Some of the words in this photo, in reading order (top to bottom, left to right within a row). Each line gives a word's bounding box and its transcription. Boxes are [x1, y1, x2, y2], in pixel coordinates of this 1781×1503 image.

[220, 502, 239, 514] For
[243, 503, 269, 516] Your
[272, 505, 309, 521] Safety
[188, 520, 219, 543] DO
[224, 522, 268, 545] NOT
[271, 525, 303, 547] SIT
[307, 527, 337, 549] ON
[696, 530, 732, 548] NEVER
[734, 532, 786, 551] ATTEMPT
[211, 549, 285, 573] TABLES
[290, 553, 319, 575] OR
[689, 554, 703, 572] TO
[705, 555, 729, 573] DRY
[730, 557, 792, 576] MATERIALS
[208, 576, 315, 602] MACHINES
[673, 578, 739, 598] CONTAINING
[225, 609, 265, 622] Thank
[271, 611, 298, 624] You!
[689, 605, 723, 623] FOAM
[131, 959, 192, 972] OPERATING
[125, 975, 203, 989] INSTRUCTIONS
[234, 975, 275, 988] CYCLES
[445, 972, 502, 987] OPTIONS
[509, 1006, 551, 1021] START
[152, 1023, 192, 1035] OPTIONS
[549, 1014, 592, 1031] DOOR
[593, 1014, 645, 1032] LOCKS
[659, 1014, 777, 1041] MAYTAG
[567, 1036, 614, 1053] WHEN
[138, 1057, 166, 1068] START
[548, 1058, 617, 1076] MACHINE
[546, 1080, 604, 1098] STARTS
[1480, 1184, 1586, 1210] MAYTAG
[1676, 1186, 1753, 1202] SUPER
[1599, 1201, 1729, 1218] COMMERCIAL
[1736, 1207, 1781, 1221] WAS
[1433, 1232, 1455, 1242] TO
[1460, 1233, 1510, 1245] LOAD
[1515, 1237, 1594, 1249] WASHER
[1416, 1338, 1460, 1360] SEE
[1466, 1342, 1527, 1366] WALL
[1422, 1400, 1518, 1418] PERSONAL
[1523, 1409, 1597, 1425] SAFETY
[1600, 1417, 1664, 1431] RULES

--------------------

Directions for this task ▸ From the records above, return each line that has the string "MAYTAG".

Exercise result ▸
[659, 1014, 777, 1041] MAYTAG
[1480, 1184, 1586, 1210] MAYTAG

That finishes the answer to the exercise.